For production (live)

  • Make symlink connecting the prod file: ln -s docker-compose.prod.yml docker-compose.override.yml

Start containers

  • If you want to track with google analytics, add environmental variable via export ANALYTICS=UA-XXXXXXX-X, where you replace the UA part with your google analytics id.
  • Type docker-compose up -d, it will take a minute or two for Elastic Search to fully start.
  • Verify container are running with docker ps, it should show es01 and flask. During development also kib01.

Upload charity data

  • Once ES is fully started, assuming it's still empty, do bash scripts/upload.sh to upload file(s) to elastic search.
  • Verify the expected number of records ('documents') using: curl -X GET "localhost:9200/_cat/count/chars?pretty"
  • Verify the expected structure of data using: curl -X GET "localhost:9200/chars/?pretty"

Usage

Play around with search

Go to http://localhost:5601 for Kibana interface where you can search using the console.

More info on how to do search queries in the Kibana console:

https://www.elastic.co/guide/en/kibana/7.4/console-kibana.html

Search page

For development the website is available via http://localhost:5000, it contains the search bar.

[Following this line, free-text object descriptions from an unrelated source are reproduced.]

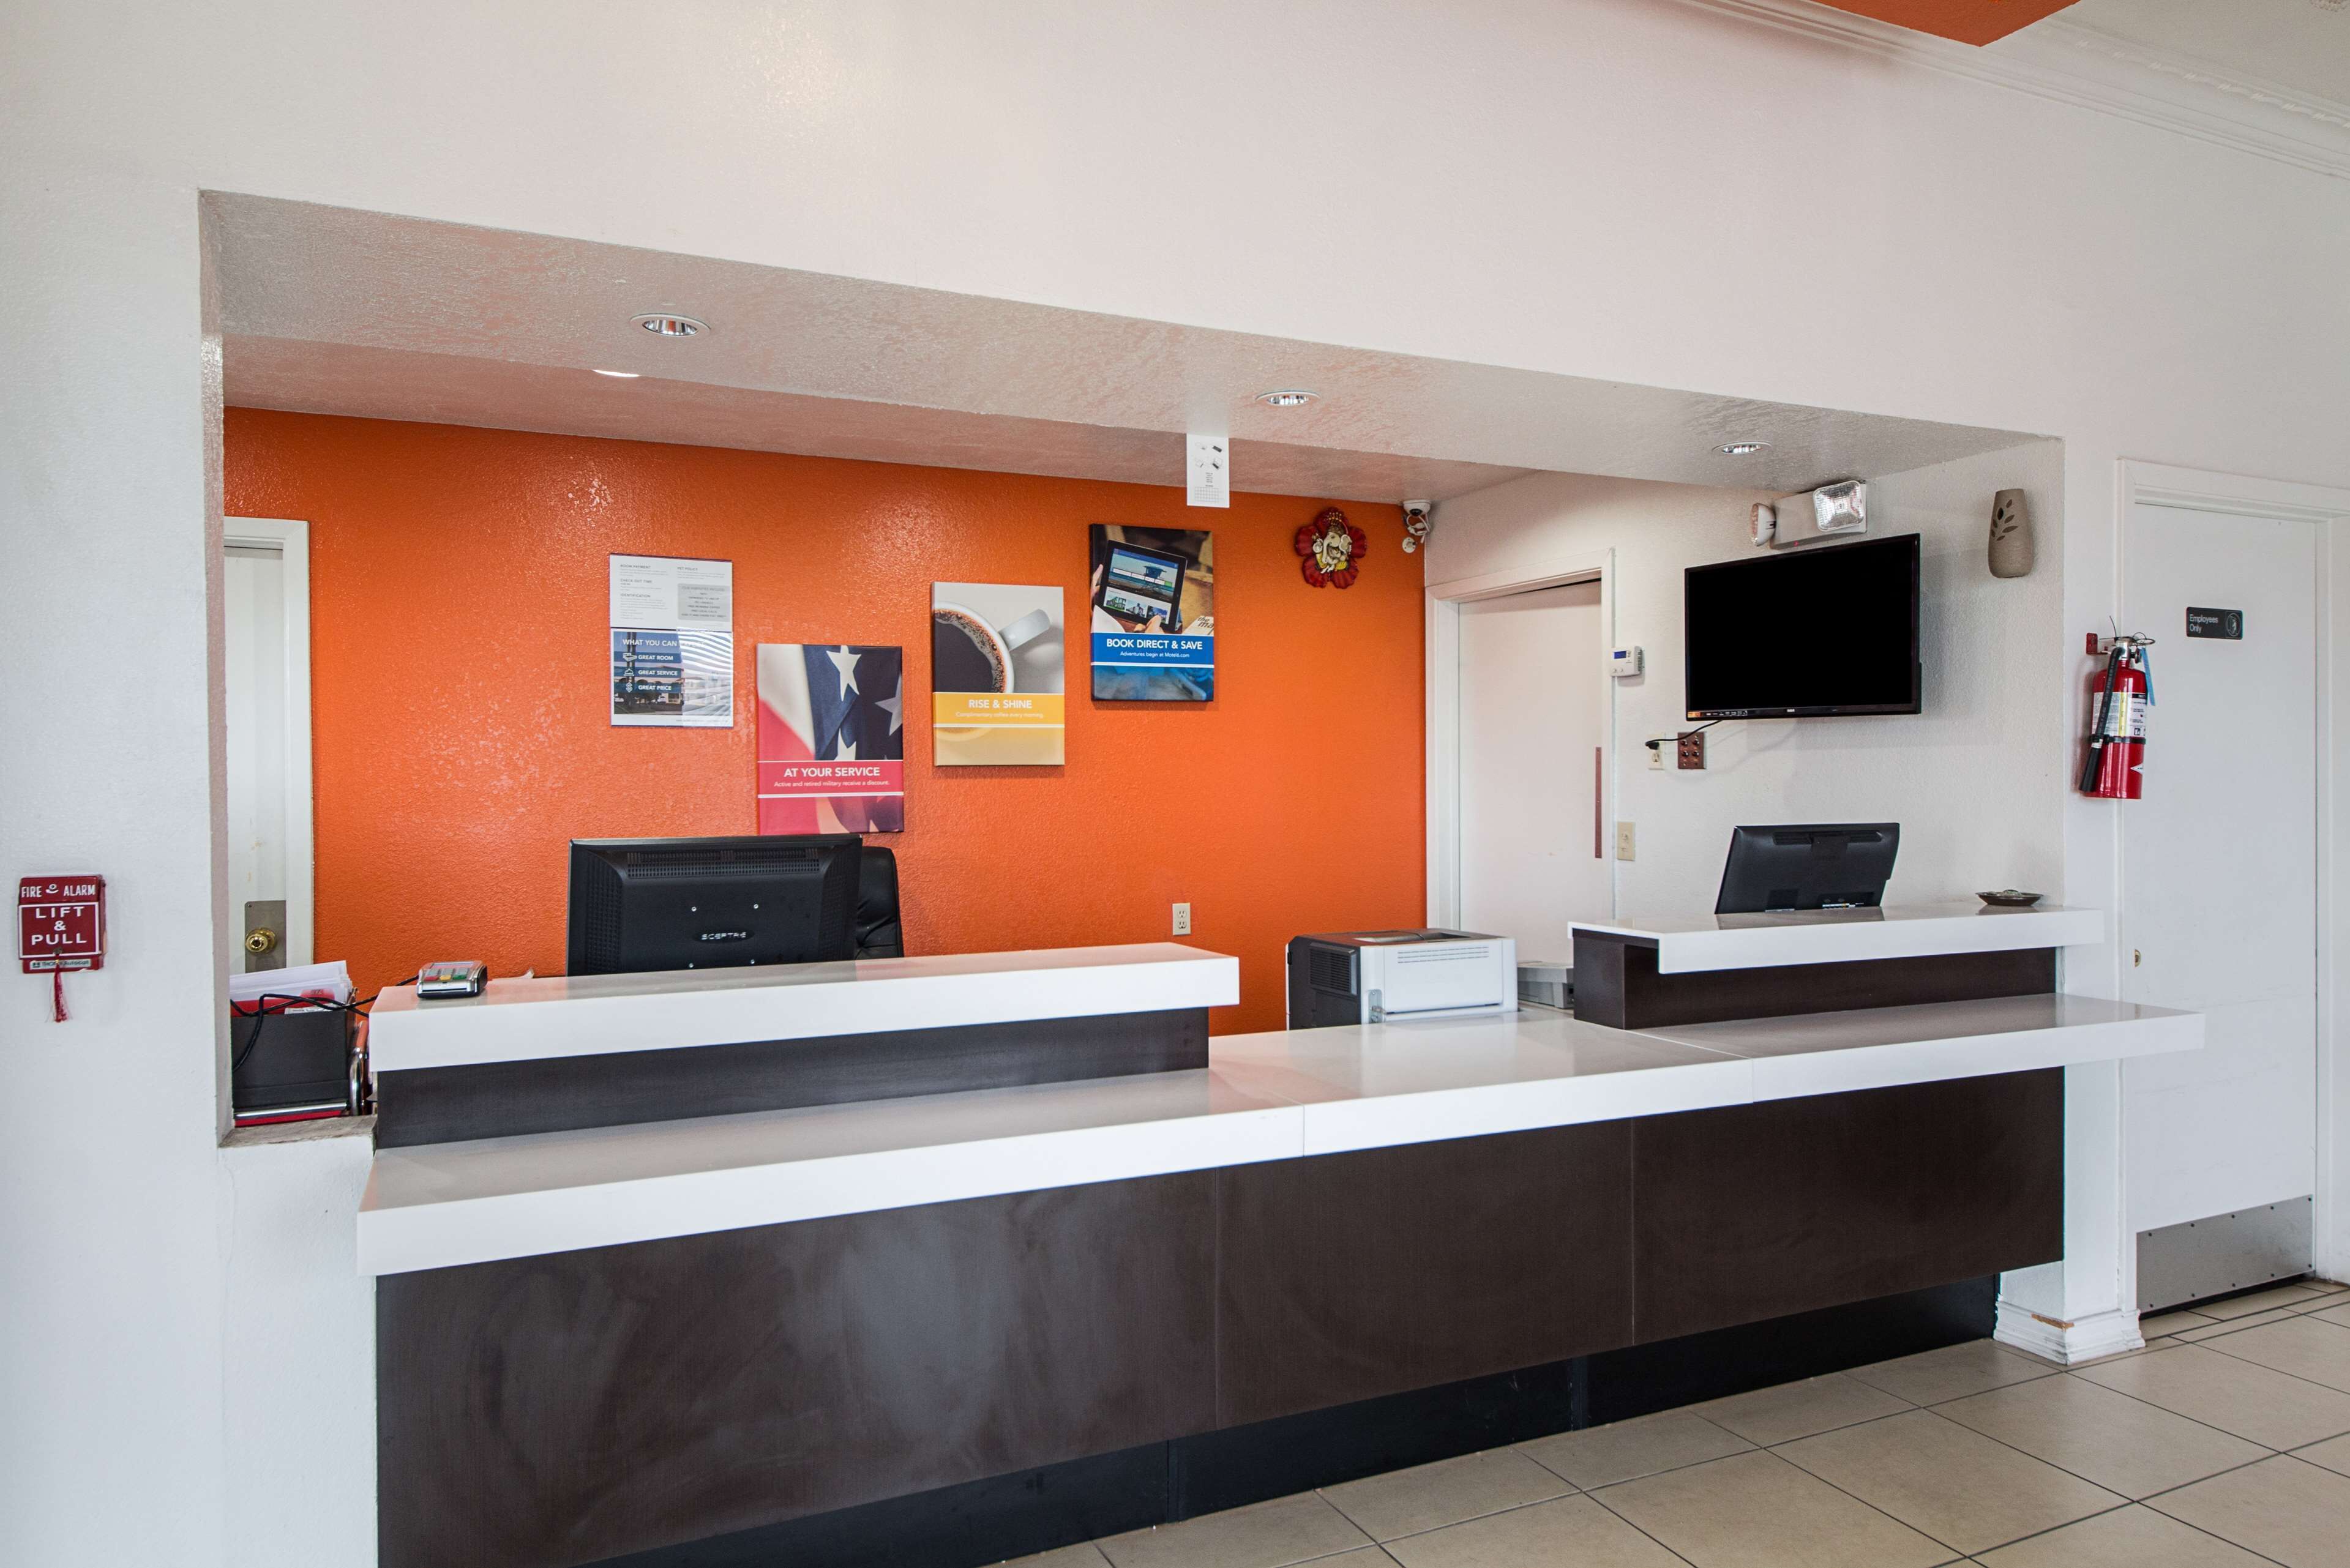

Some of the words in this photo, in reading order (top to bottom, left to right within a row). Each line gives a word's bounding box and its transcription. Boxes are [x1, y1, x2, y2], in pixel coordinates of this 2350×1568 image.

[2189, 614, 2218, 624] Employees
[2189, 624, 2202, 633] Only
[1106, 638, 1134, 648] BOOK
[1137, 640, 1169, 649] DIRECT
[1181, 641, 1203, 649] SAVE
[968, 700, 989, 708] RISE
[1003, 700, 1032, 709] SHINE
[784, 768, 798, 777] AT
[801, 767, 832, 777] YOUR
[835, 767, 880, 777] SERVICE
[21, 886, 42, 898] FIRE
[63, 884, 95, 896] ALARM
[36, 906, 84, 918] LIFT
[54, 920, 67, 931] &
[31, 933, 88, 945] PULL
[702, 931, 746, 940] SCEPTRE
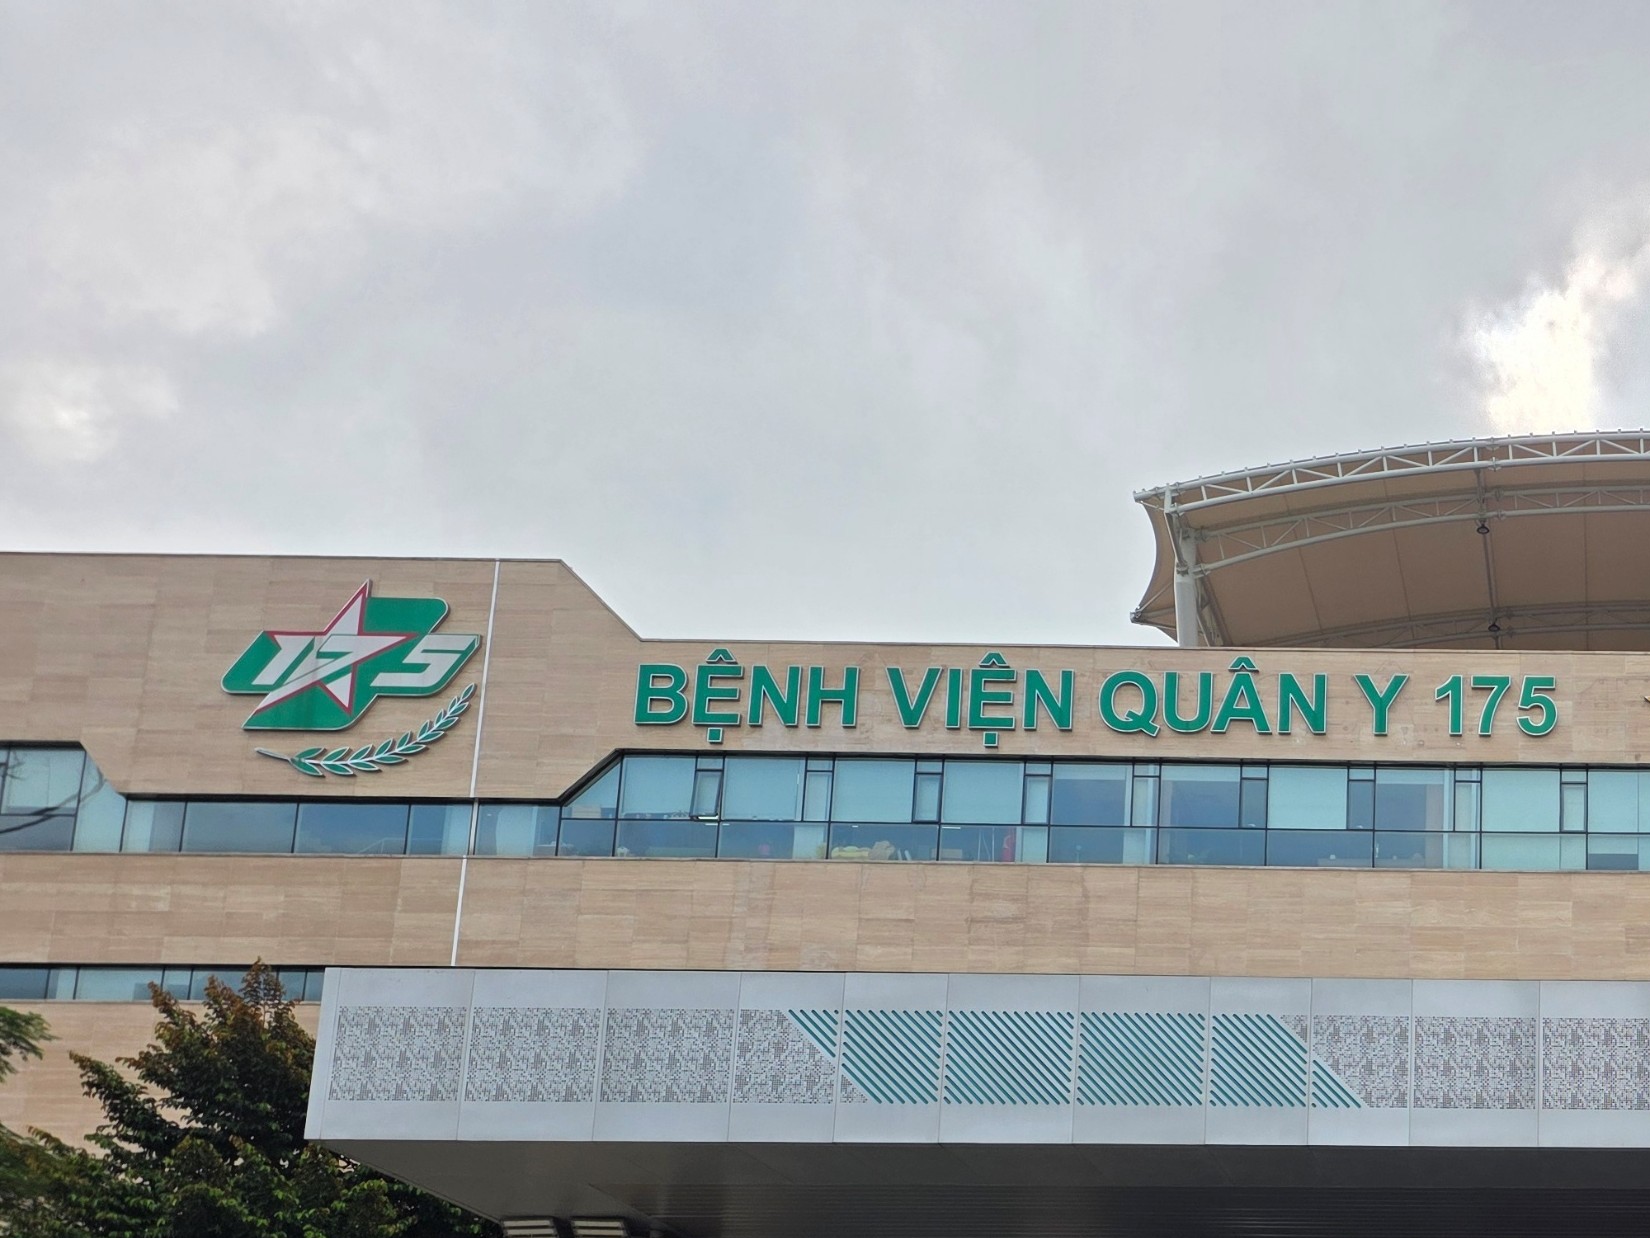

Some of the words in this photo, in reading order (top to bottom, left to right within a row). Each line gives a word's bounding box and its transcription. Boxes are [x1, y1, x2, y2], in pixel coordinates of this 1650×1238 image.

For production (live) the website is on port 80 (default port).

Replace data & update code

On live server you might need to re-upload the data to ES, since the mapping of the fields has changed. In this case you can:

  • Remove all data with: curl -X DELETE "localhost:9200/chars?pretty"
  • You might als need to recreate all json file with: rm data/*/*json*
  • (And perhaps remove even more files)
  • Use make to create new json files to upload if required.
  • Upload to ES via bash scripts/upload-all.sh

After you did a git pull or otherwise updated the Flask code, you might need to do docker restart flask01 in order to let the changes go into effect.

If you made changes to for instance required python libraries you need to rebuild your docker image. First remove and stop the flask01 container via docker stop flask01 and docker rm flask01. Then find correct image via docker images, and remove that image via docker image rm <name image>. Then you can do docker-compose up -d again, and it will build the new image and start containers.

Debugging with Flask outside container

To (more easily) set breakpoints and debug Flask, you can run it outside the docker container on your local developer computer.

Install the dependencies, if you do this globally type python3 -m pip install -r requirements.txt inside the flask-app folder.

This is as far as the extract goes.